▶ _TASK PROMPT_: Reproduce every record below exactly, without the pictures.

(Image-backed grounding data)

++++++

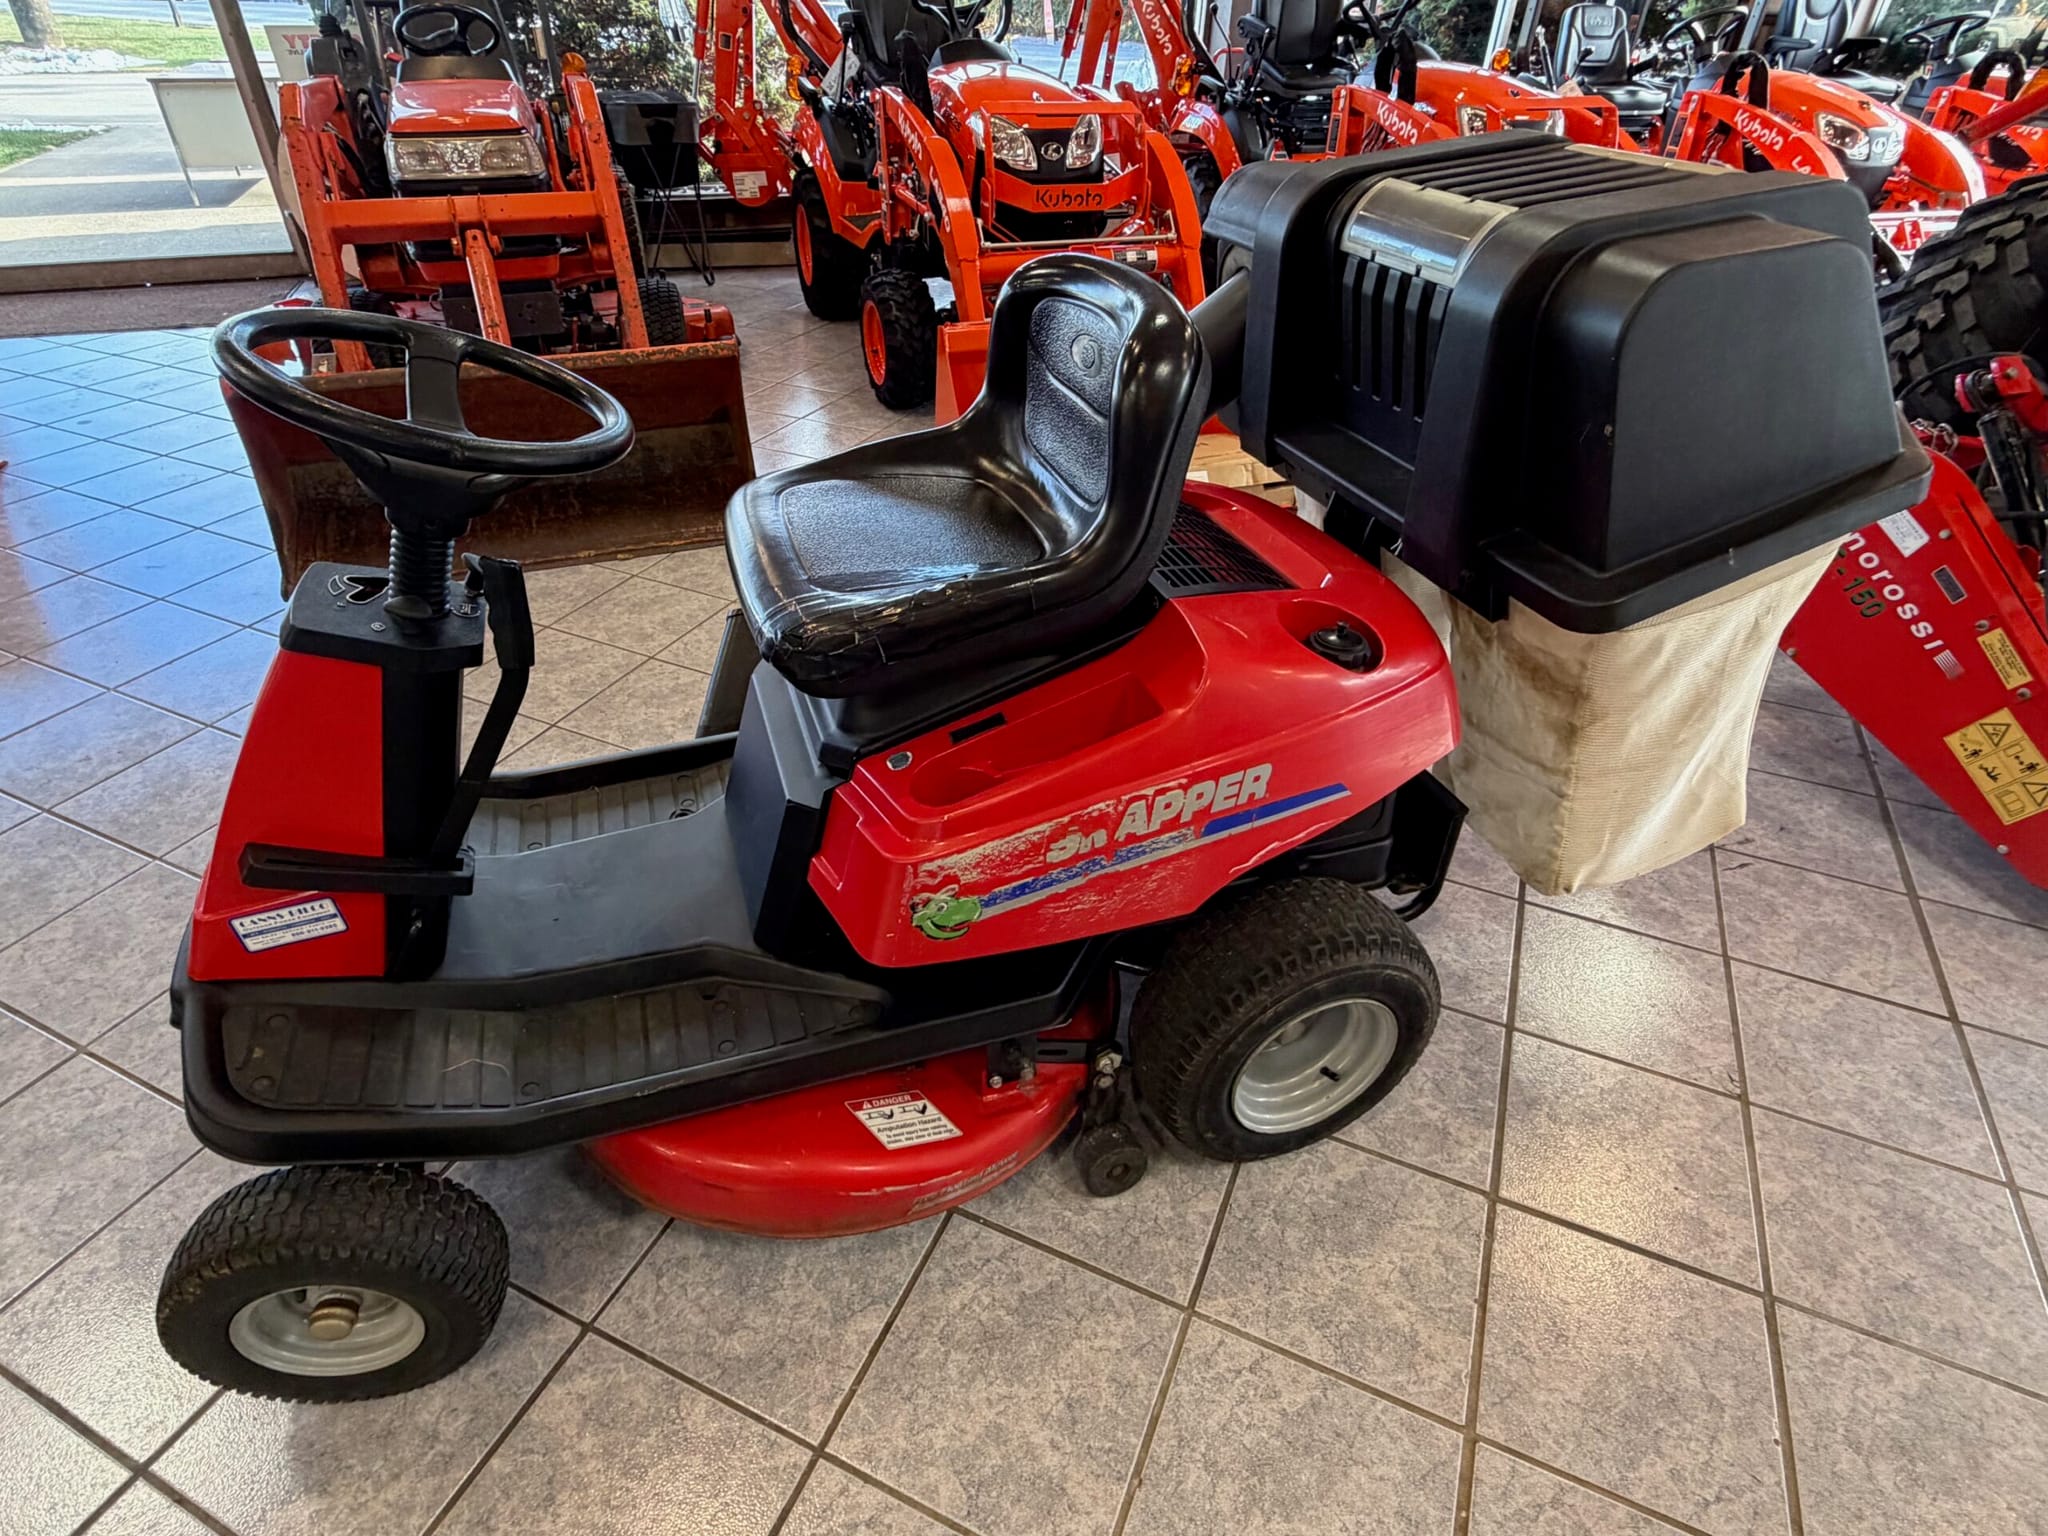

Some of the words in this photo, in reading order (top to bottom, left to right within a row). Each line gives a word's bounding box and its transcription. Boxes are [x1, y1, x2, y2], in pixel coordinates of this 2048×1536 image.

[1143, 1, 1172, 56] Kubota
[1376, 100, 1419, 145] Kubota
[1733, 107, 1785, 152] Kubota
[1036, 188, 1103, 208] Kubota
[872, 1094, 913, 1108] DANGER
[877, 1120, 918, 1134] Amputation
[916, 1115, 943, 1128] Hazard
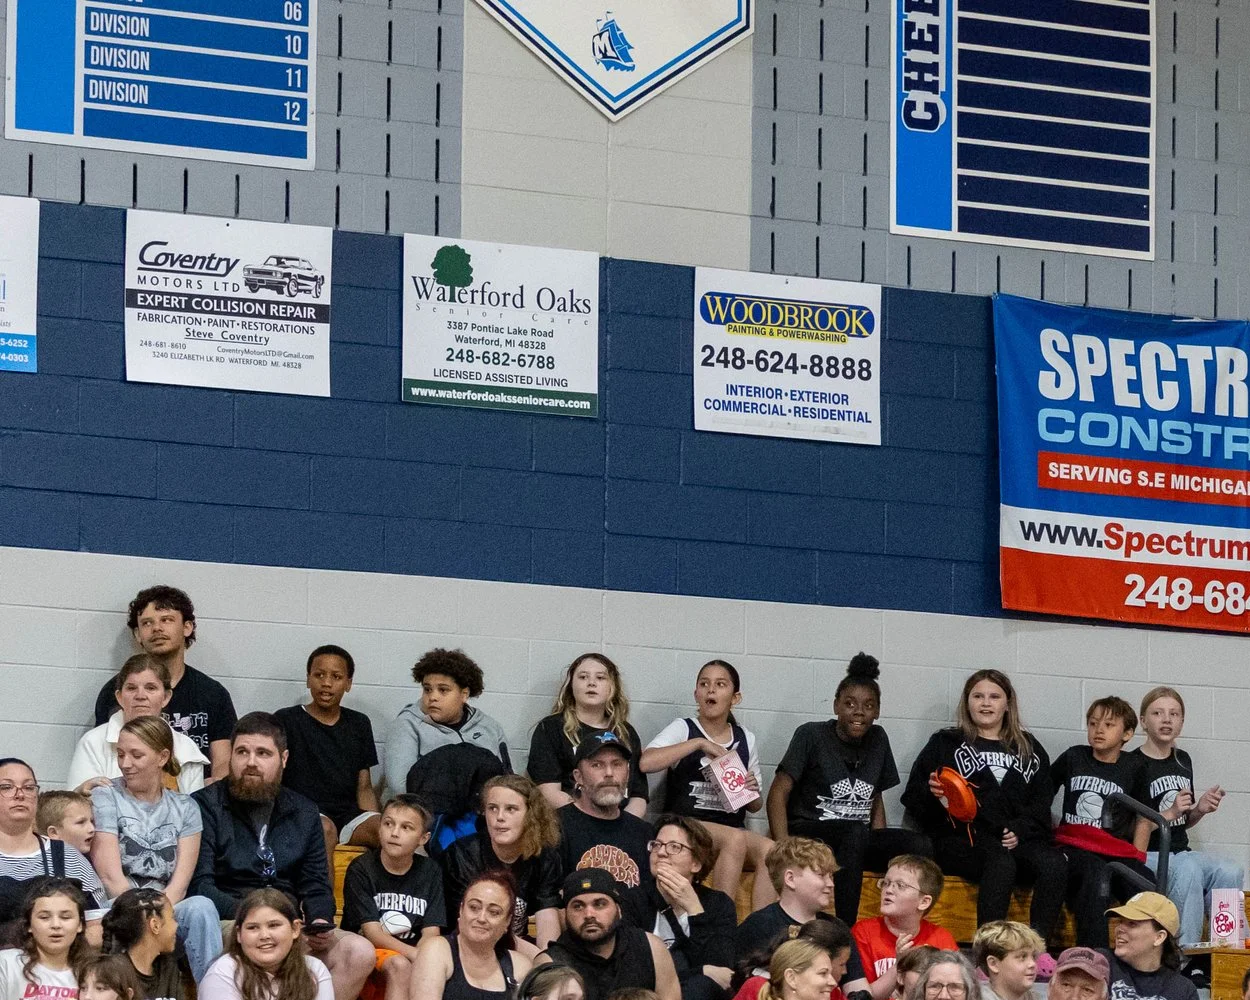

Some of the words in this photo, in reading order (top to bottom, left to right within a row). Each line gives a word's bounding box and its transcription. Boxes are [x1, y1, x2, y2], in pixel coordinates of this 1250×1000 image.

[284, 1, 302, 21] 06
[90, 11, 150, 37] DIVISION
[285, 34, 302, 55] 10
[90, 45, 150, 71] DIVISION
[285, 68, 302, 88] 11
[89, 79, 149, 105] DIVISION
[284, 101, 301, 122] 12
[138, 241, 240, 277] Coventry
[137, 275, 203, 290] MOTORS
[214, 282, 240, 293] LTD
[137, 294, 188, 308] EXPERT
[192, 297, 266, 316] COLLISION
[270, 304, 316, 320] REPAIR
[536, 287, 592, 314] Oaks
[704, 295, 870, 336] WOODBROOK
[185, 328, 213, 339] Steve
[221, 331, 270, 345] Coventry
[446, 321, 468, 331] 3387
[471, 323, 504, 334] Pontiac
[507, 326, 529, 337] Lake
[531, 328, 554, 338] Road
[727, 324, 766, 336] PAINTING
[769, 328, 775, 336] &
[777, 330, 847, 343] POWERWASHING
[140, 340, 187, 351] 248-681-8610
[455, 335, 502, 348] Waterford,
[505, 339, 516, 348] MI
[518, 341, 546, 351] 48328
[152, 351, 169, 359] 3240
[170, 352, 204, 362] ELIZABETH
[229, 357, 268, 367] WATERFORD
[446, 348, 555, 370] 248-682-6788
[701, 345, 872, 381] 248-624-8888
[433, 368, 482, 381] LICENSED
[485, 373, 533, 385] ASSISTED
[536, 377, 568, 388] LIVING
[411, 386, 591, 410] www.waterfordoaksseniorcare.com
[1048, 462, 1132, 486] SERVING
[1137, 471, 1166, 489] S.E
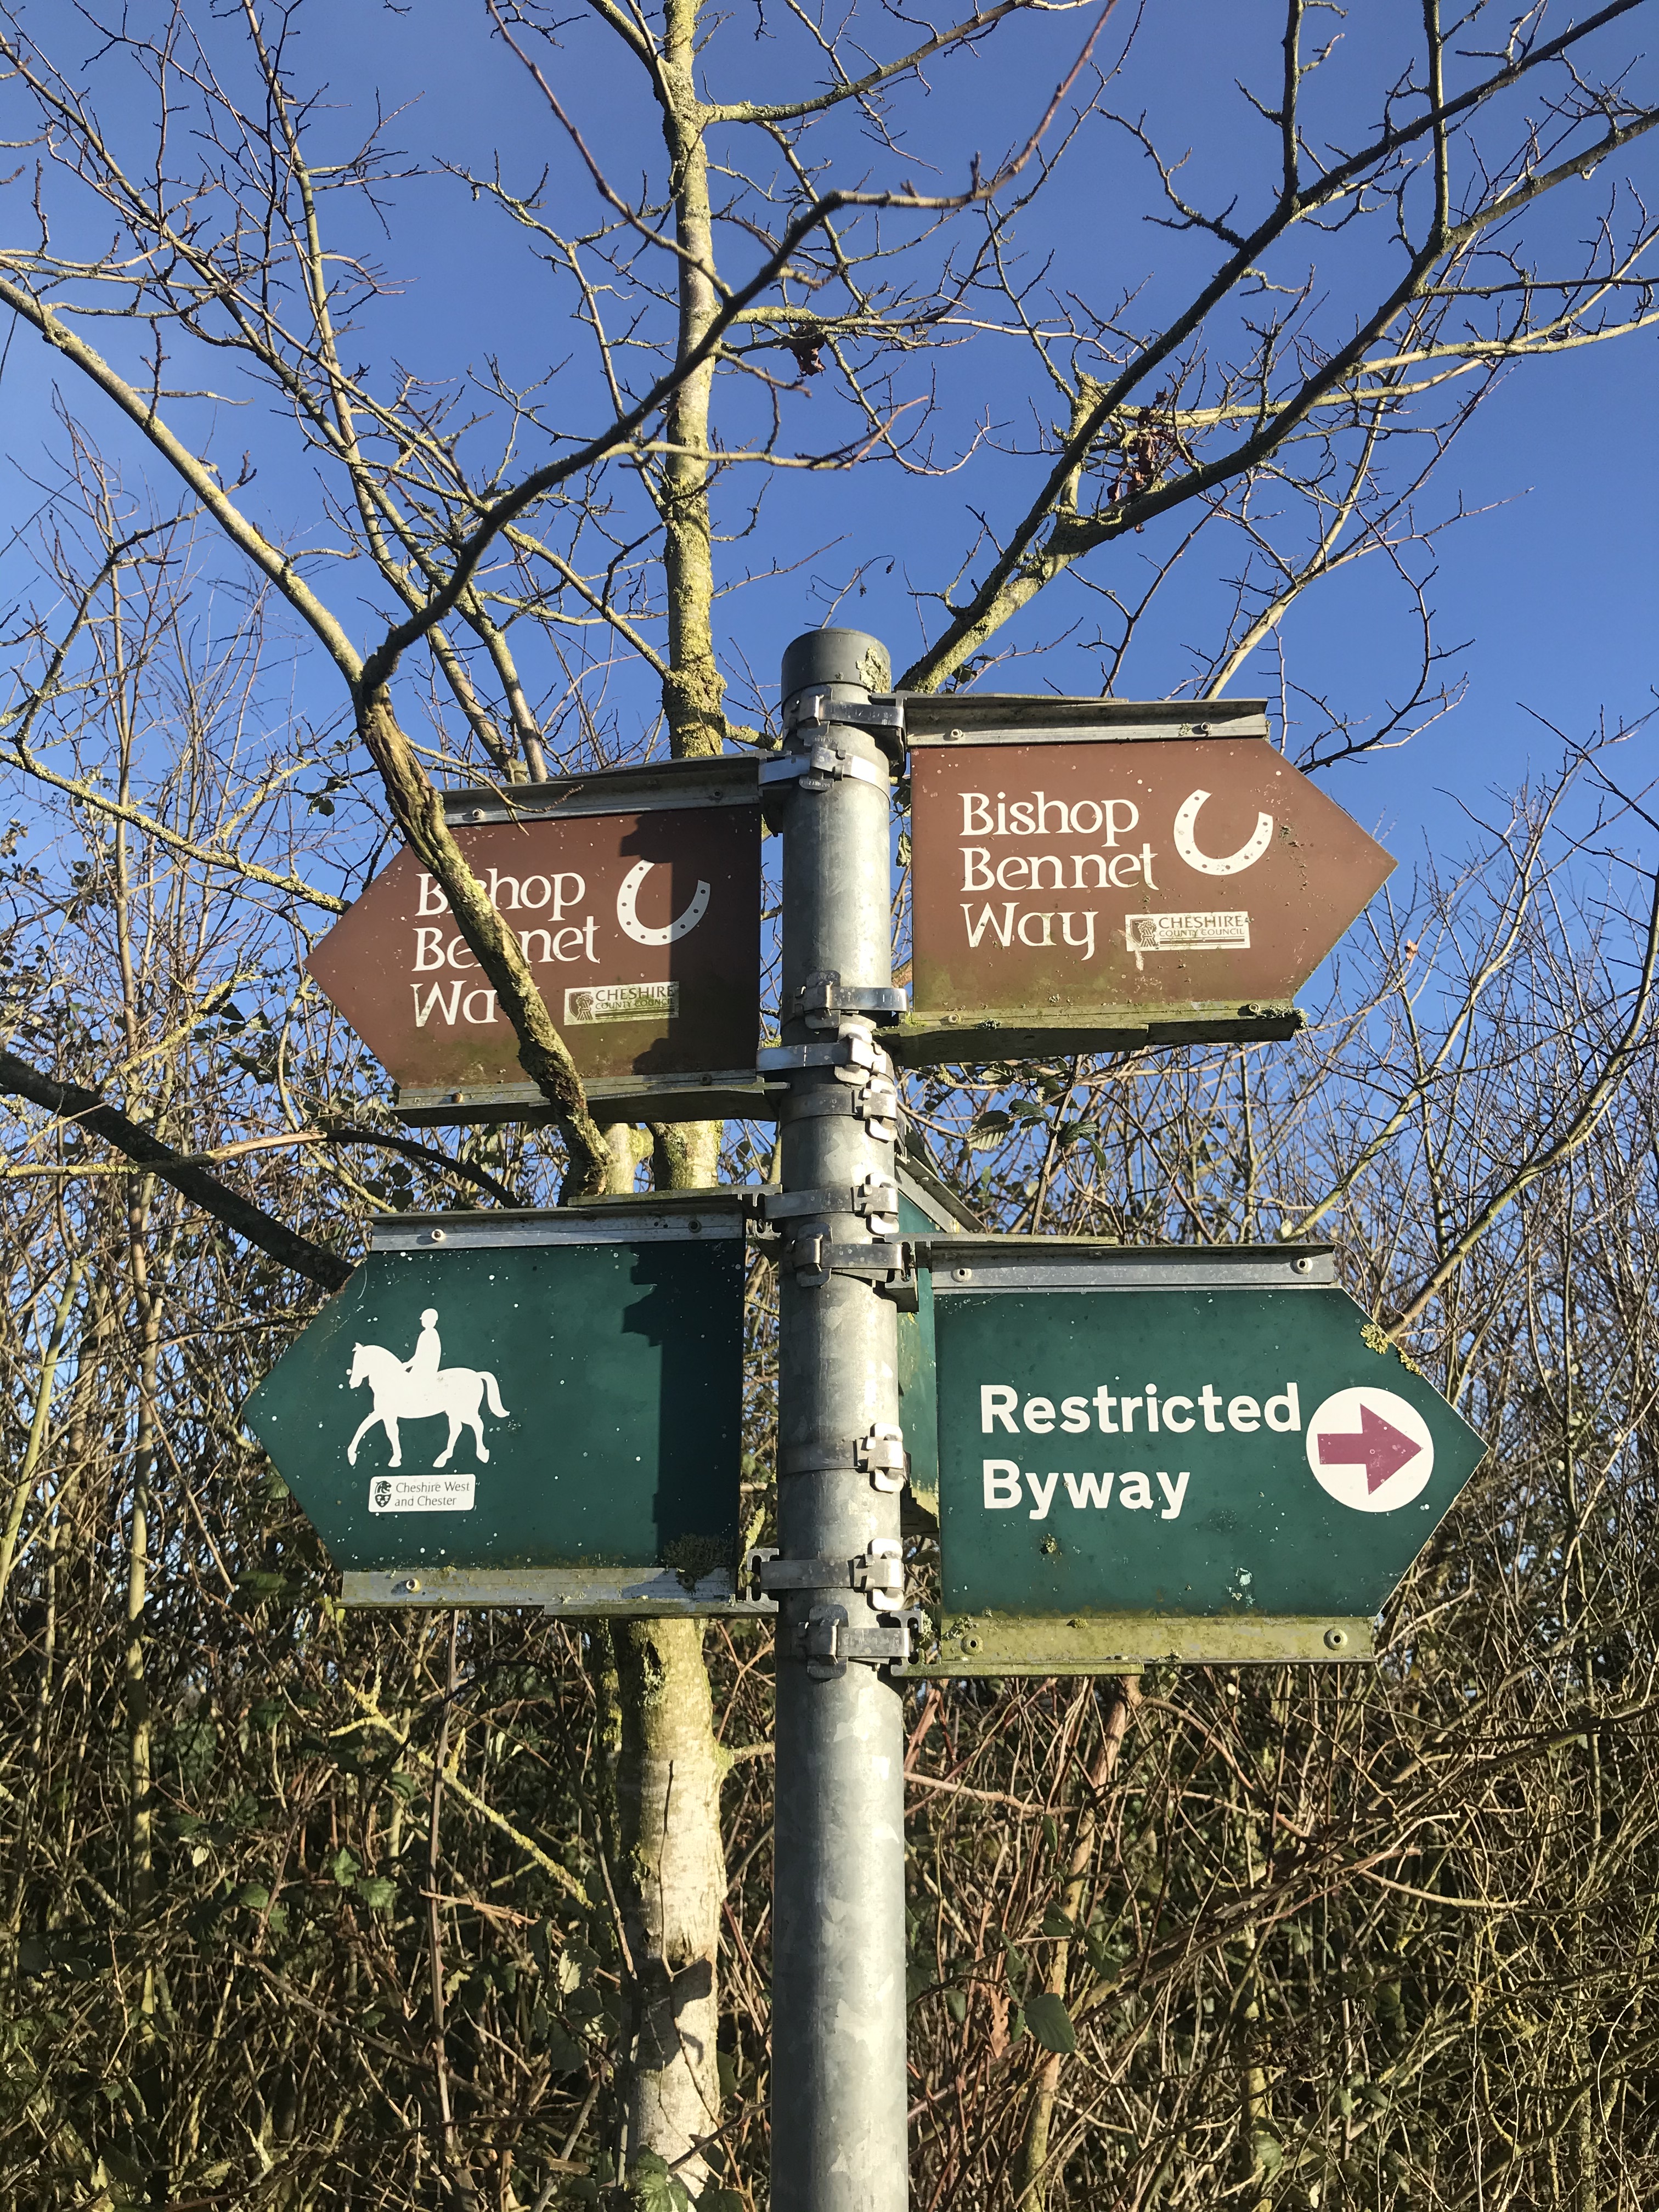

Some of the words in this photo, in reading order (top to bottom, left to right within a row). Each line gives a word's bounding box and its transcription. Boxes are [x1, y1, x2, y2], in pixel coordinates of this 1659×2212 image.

++++++

▶ _WRITTEN ANSWER_:
Some of the words in this photo, in reading order (top to bottom, left to right within a row). Each line gives a word's bounding box and its transcription. Boxes are [x1, y1, x2, y2], in pixel coordinates of this 2048×1536 image.

[1143, 1, 1172, 56] Kubota
[1376, 100, 1419, 145] Kubota
[1733, 107, 1785, 152] Kubota
[1036, 188, 1103, 208] Kubota
[872, 1094, 913, 1108] DANGER
[877, 1120, 918, 1134] Amputation
[916, 1115, 943, 1128] Hazard

Some of the words in this photo, in reading order (top to bottom, left to right within a row). Each line gives a word's bounding box and its transcription. Boxes are [x1, y1, x2, y2], in pixel coordinates of this 1250×1000 image.

[284, 1, 302, 21] 06
[90, 11, 150, 37] DIVISION
[285, 34, 302, 55] 10
[90, 45, 150, 71] DIVISION
[285, 68, 302, 88] 11
[89, 79, 149, 105] DIVISION
[284, 101, 301, 122] 12
[138, 241, 240, 277] Coventry
[137, 275, 203, 290] MOTORS
[214, 282, 240, 293] LTD
[137, 294, 188, 308] EXPERT
[192, 297, 266, 316] COLLISION
[270, 304, 316, 320] REPAIR
[536, 287, 592, 314] Oaks
[704, 295, 870, 336] WOODBROOK
[185, 328, 213, 339] Steve
[221, 331, 270, 345] Coventry
[446, 321, 468, 331] 3387
[471, 323, 504, 334] Pontiac
[507, 326, 529, 337] Lake
[531, 328, 554, 338] Road
[727, 324, 766, 336] PAINTING
[769, 328, 775, 336] &
[777, 330, 847, 343] POWERWASHING
[140, 340, 187, 351] 248-681-8610
[455, 335, 502, 348] Waterford,
[505, 339, 516, 348] MI
[518, 341, 546, 351] 48328
[152, 351, 169, 359] 3240
[170, 352, 204, 362] ELIZABETH
[229, 357, 268, 367] WATERFORD
[446, 348, 555, 370] 248-682-6788
[701, 345, 872, 381] 248-624-8888
[433, 368, 482, 381] LICENSED
[485, 373, 533, 385] ASSISTED
[536, 377, 568, 388] LIVING
[411, 386, 591, 410] www.waterfordoaksseniorcare.com
[1048, 462, 1132, 486] SERVING
[1137, 471, 1166, 489] S.E

Some of the words in this photo, in reading order (top to bottom, left to right within a row). Each line gives a word's bounding box and its transcription. Boxes are [x1, y1, x2, y2], in pixel coordinates of this 1659×2212 image.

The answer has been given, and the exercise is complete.